▶ [Work to complete]:
Exactly reproduce the entries, dropping any pictures from your copy.

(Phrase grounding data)

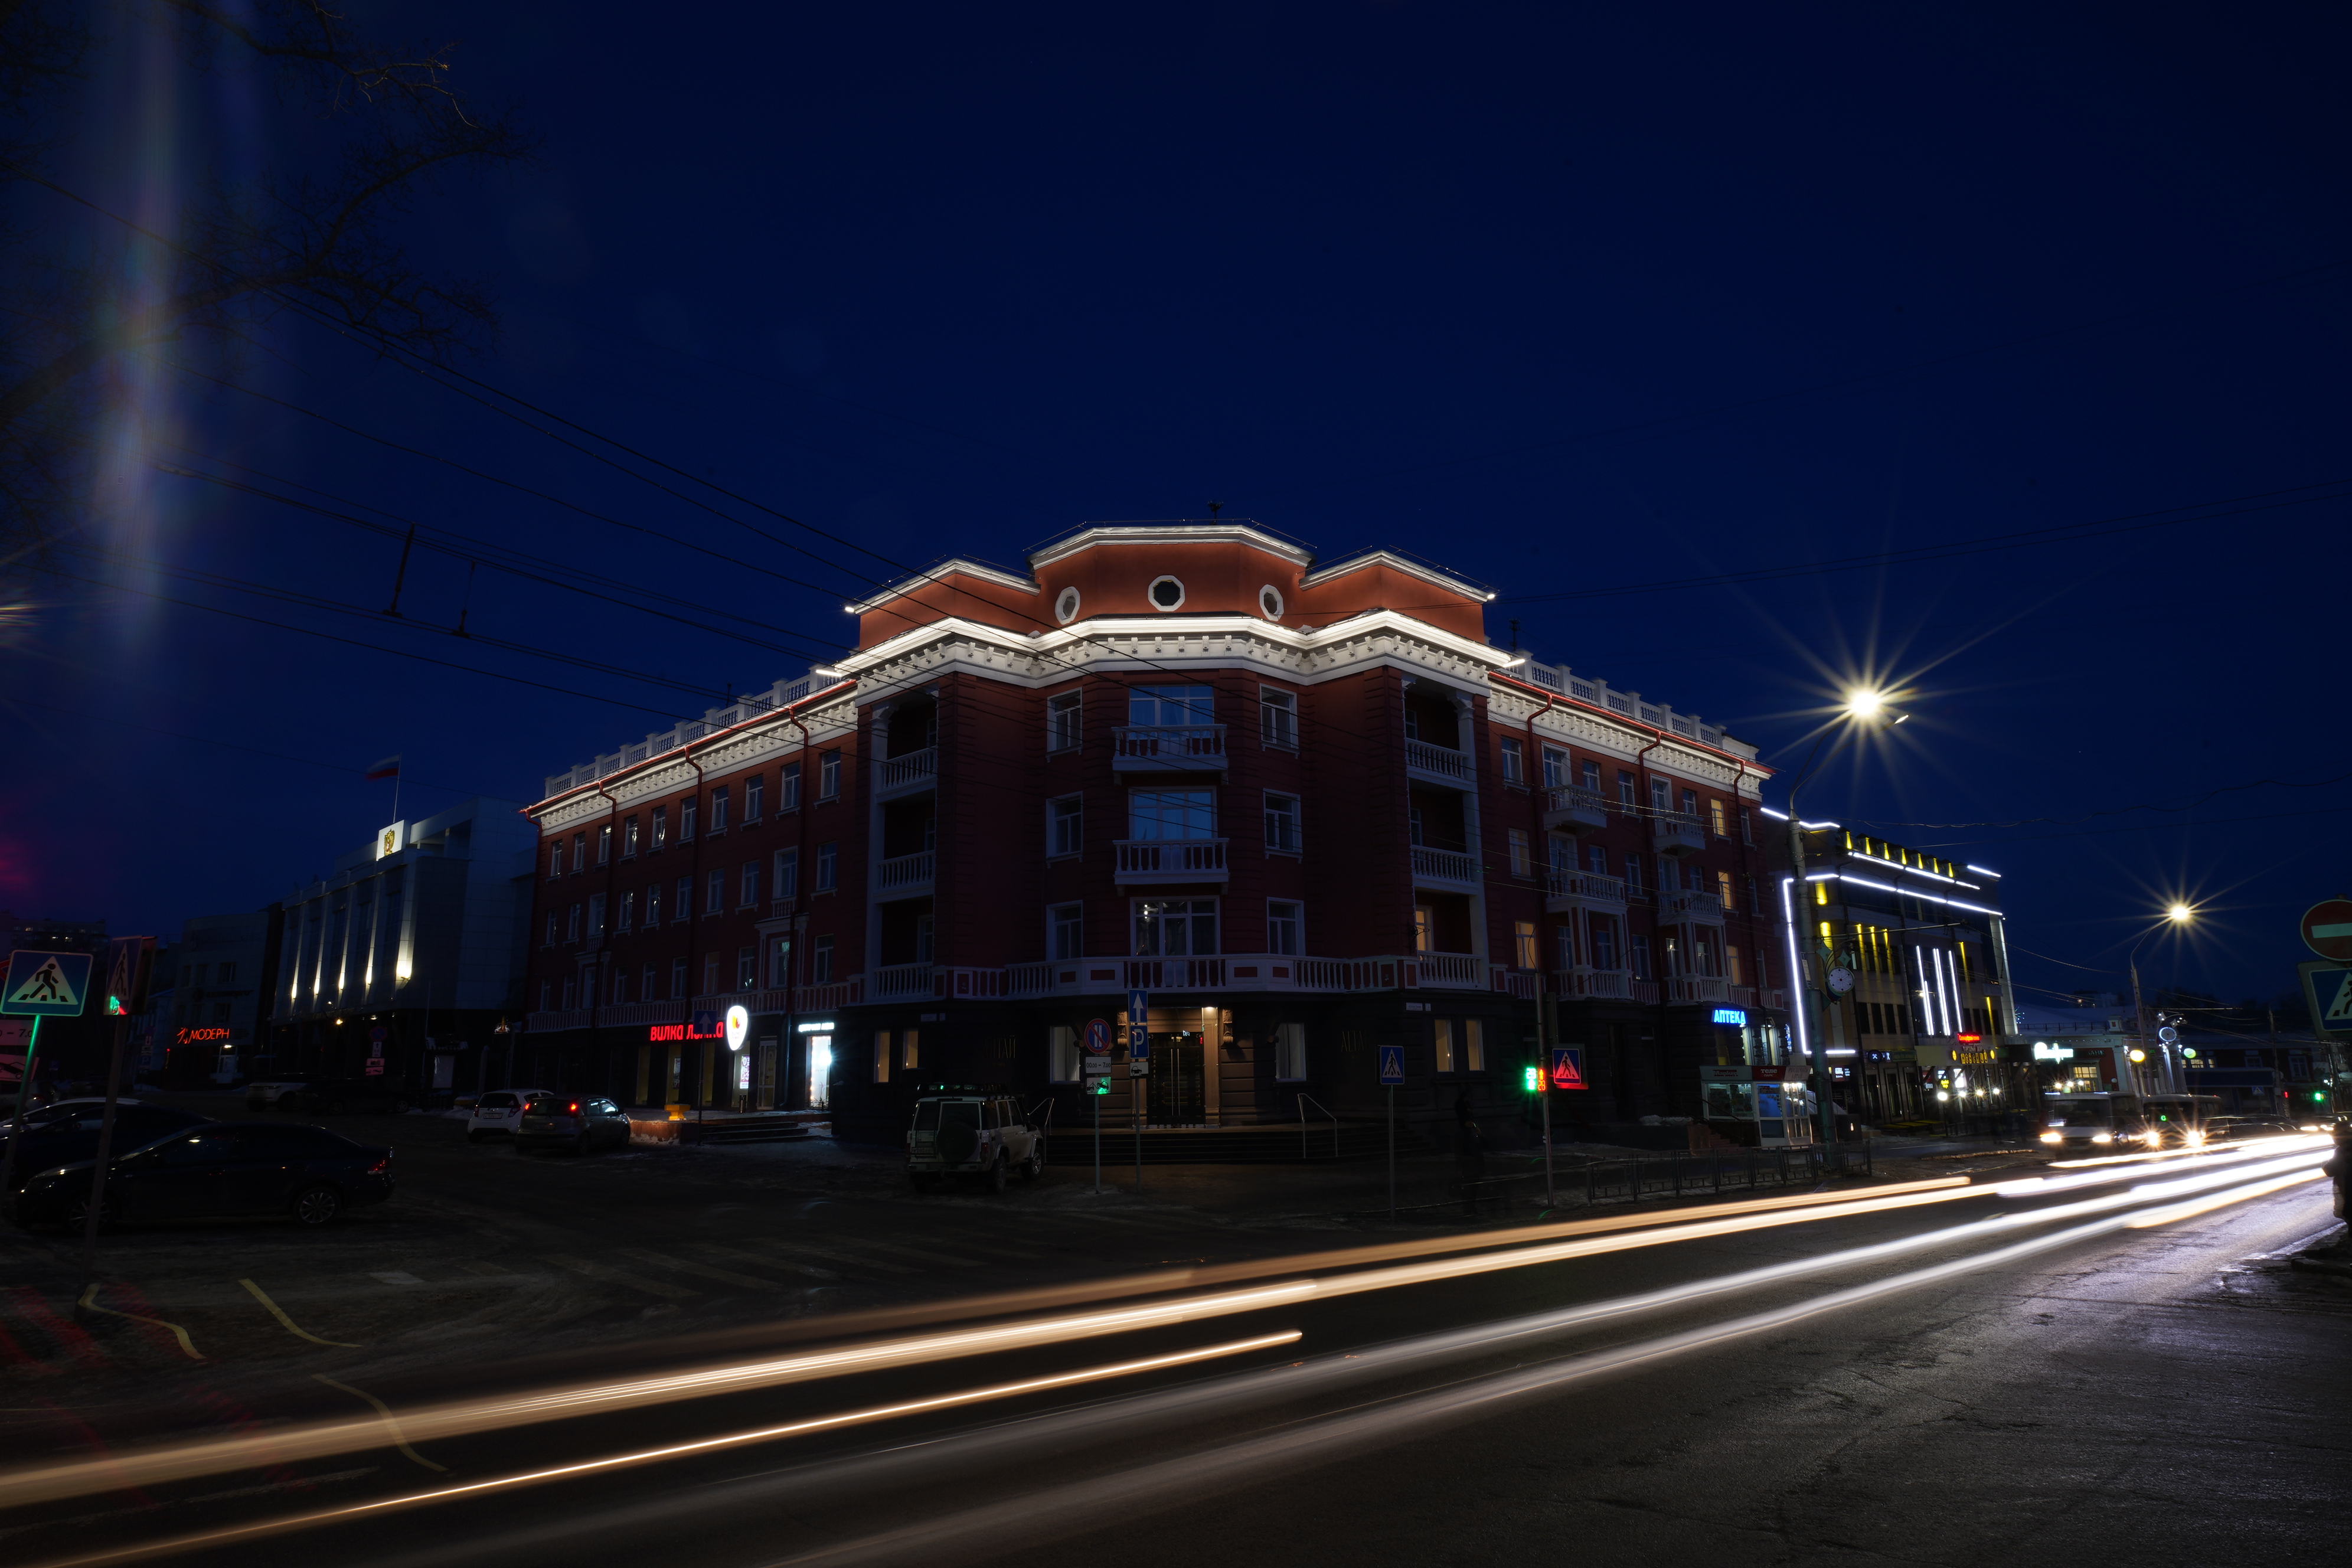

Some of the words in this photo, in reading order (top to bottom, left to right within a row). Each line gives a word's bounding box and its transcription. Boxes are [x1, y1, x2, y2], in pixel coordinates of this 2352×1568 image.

[1714, 1009, 1746, 1024] АПТЕКА
[982, 1035, 1016, 1059] АЛТАЙ
[1341, 1030, 1368, 1052] ALTAI
[1961, 1050, 1988, 1064] НЕВСКИЙ
[1538, 1080, 1546, 1090] 28

▶ [Task answer]:
Some of the words in this photo, in reading order (top to bottom, left to right within a row). Each line gives a word's bounding box and its transcription. Boxes are [x1, y1, x2, y2], in pixel coordinates of this 2352×1568 image.

[1714, 1009, 1746, 1024] АПТЕКА
[982, 1035, 1016, 1059] АЛТАЙ
[1341, 1030, 1368, 1052] ALTAI
[1961, 1050, 1988, 1064] НЕВСКИЙ
[1538, 1080, 1546, 1090] 28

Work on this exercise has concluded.